[Go-essp-tech] DRS corrections and extensions

V Balaji v.balaji at noaa.gov
Thu Jun 14 12:02:37 MDT 2012


I've got a bit lost in this discussion, and admit I'm a little
sceptical that you could sufficiently describe using short strings how
data was processed, gridding, averaging, etc. CF has attributes to
describe these things (cell_measures, cell_methods) and DRS could put
them all in a general product of processed or modified data.

There are other use cases for a product category called "modified" or
"processed". (Karl and I in an offline conversation used "modified"
some days ago, but if "processed" is the consensus, that's fine).

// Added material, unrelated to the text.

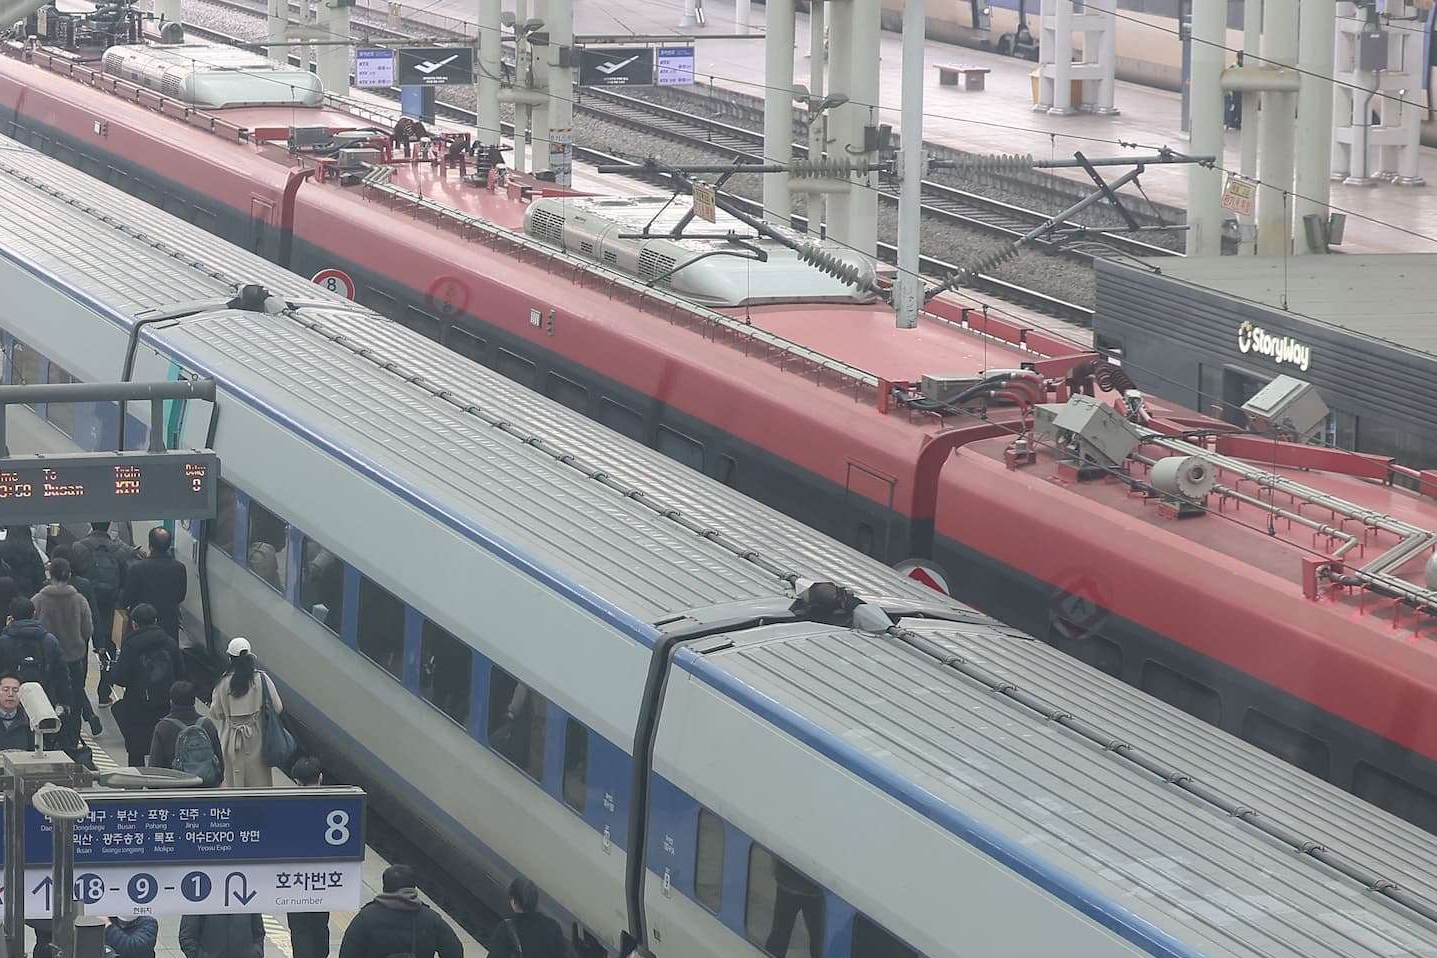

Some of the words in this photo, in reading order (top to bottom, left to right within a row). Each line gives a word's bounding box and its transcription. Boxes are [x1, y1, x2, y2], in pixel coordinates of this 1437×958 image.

One use case I have for that is that we are working with downstream
software from the impacts world that fails (aborts with no output) if
the relative humidity exceeds 100%. This can happen in model output
for legitimate physical reasons, fog, etc.

Having no control over the downstream software, we've chosen to
"modify" our RH field to lie between 0 and 100%. As in RH=max(RH,100).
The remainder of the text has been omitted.